# [Required action]
Before copying the entries, remove the pictures; everything else stays exactly as it is.

# [Dataset]
☆ ☆ ☆ ☆ ☆ ☆ ☆

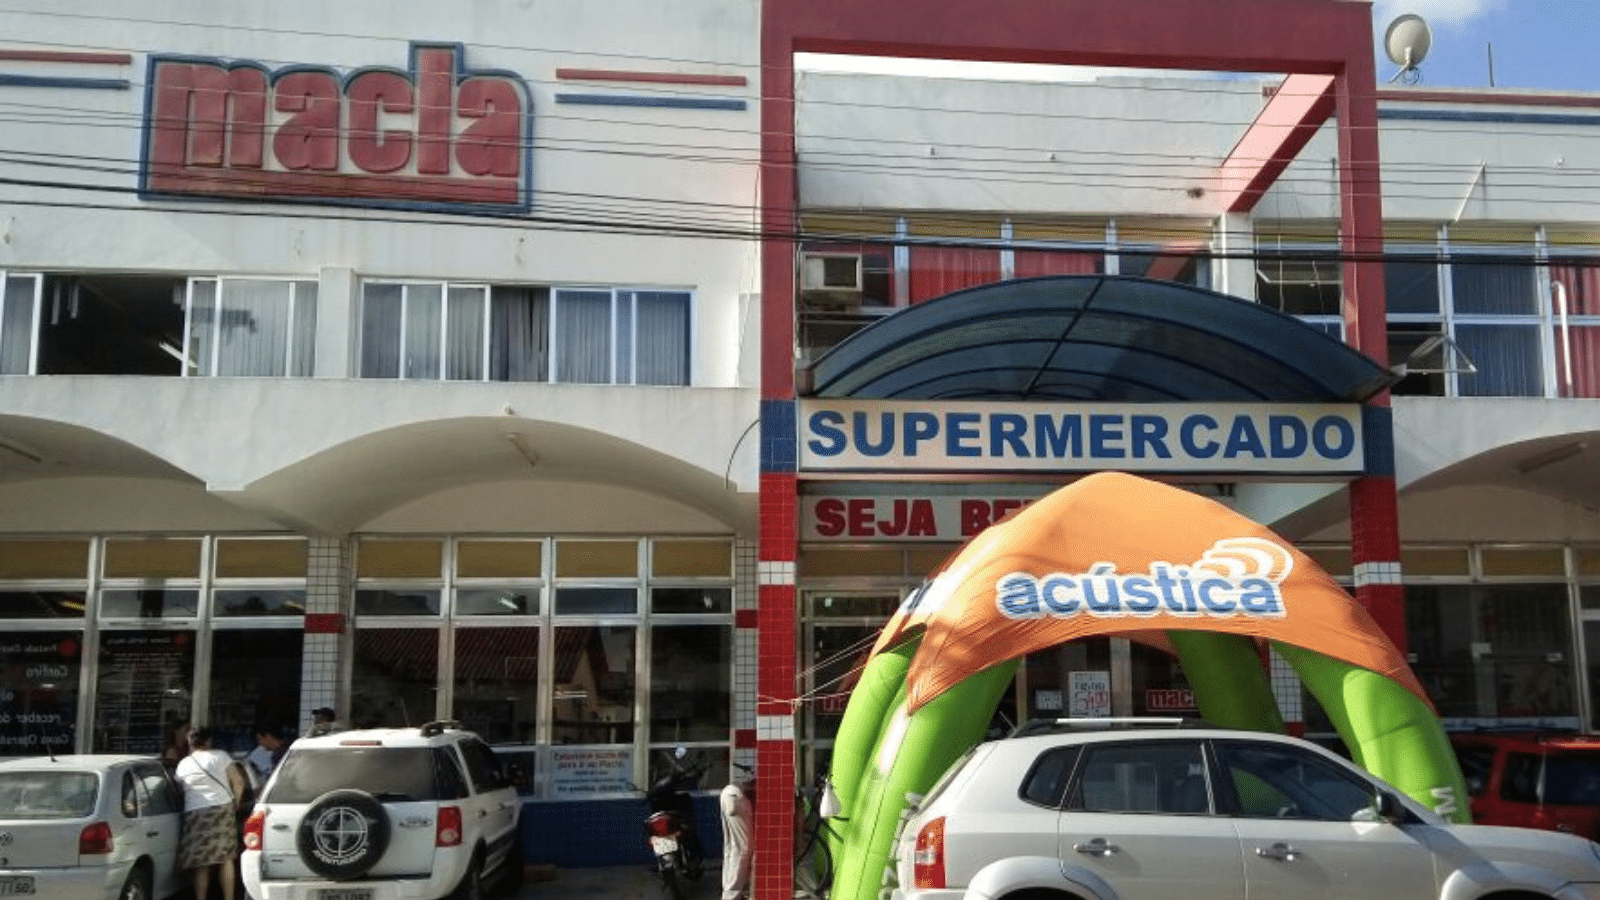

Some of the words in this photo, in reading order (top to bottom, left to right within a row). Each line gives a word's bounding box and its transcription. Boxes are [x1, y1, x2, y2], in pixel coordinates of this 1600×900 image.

[148, 48, 521, 203] macla
[807, 411, 1356, 460] SUPERMERCADO
[814, 498, 937, 537] SEJA
[1001, 565, 1281, 615] acústica

☆ ☆ ☆ ☆ ☆ ☆ ☆

# [Your solution]
Some of the words in this photo, in reading order (top to bottom, left to right within a row). Each line gives a word's bounding box and its transcription. Boxes are [x1, y1, x2, y2], in pixel coordinates of this 1600×900 image.

[148, 48, 521, 203] macla
[807, 411, 1356, 460] SUPERMERCADO
[814, 498, 937, 537] SEJA
[1001, 565, 1281, 615] acústica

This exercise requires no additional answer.